From: Matthew Cockerill <matt@biomedcentral.com>
Date: Thu, 1 Dec 2005 19:36:55 -0000
Message-ID: <CA28D1CFC7C162478793AEBAFF1D53780452CD9F@ms1.lsc.net>
To: <public-semweb-lifesci@w3.org>

I'm Matt Cockerill, and have the role of Publisher at BioMed Central, an open access publisher of peer-reviewed research (www.biomedcentral.com)

My background combines a Ph.D. in molecular biology, with a fair bit of technical background (I was previously BioMed Central's Technical Director).

Since my Ph.D. days, I've been fascinated by the possibilities of modelling biological knowledge in a structured way. I was all set to work on biological ontologies at Stanford 10 years ago, but at the last minute got sidetracked into science publishing, which was just starting to make use of the internet at that time.
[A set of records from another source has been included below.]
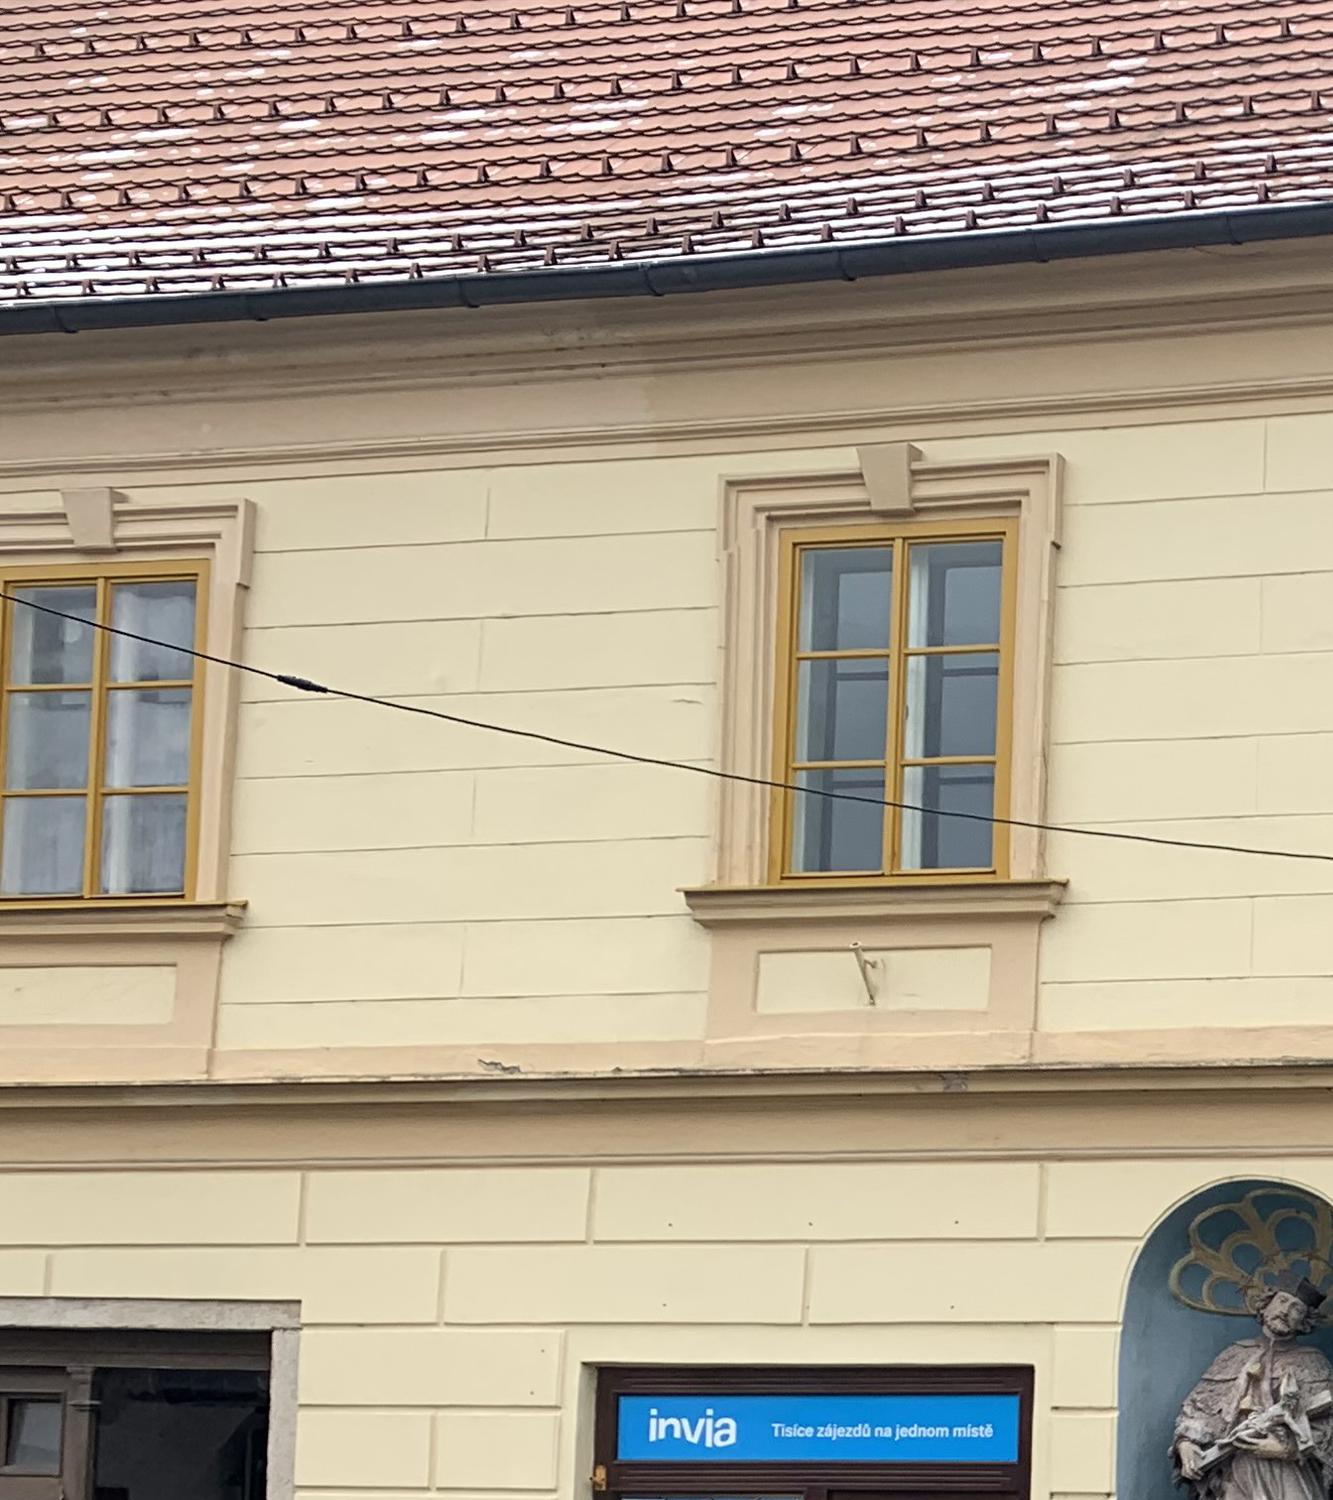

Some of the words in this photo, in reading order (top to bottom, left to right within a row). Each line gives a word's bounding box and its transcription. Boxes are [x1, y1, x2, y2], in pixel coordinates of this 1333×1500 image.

[649, 1408, 737, 1448] invia
[771, 1423, 815, 1438] Tisíce
[816, 1422, 871, 1440] zájezdů
[874, 1426, 893, 1438] na
[894, 1423, 949, 1440] jednom
[953, 1423, 994, 1438] místě
What's great is that things have come full circle - publishers are now very much in a position to make practical contributions to biological knowledge representation, by adding structure to the research articles which they publish. XML and RDF look like being key enabling technologies for this

There are some notes on BioMed Central's activities in this area in this editorial:

We're working with John Wilbanks and other participants in the Science Commons publishing working group to try and define standards and best practices for semantic markup within  scholarly articles, in a way that will make them into a richer and less ambiguous source of raw material for mining.

One related project: we recently collaborated with Wolfram Research on Publicon:
Publicon is a Mathematica-driven structured authoring tool which can output our XML DTD including islands of MathML .
A key thing about Publicon, is that it *enforces* structure along the way, as you create the document, rather than relying on you as the author making the right choices to create the appropriate structure.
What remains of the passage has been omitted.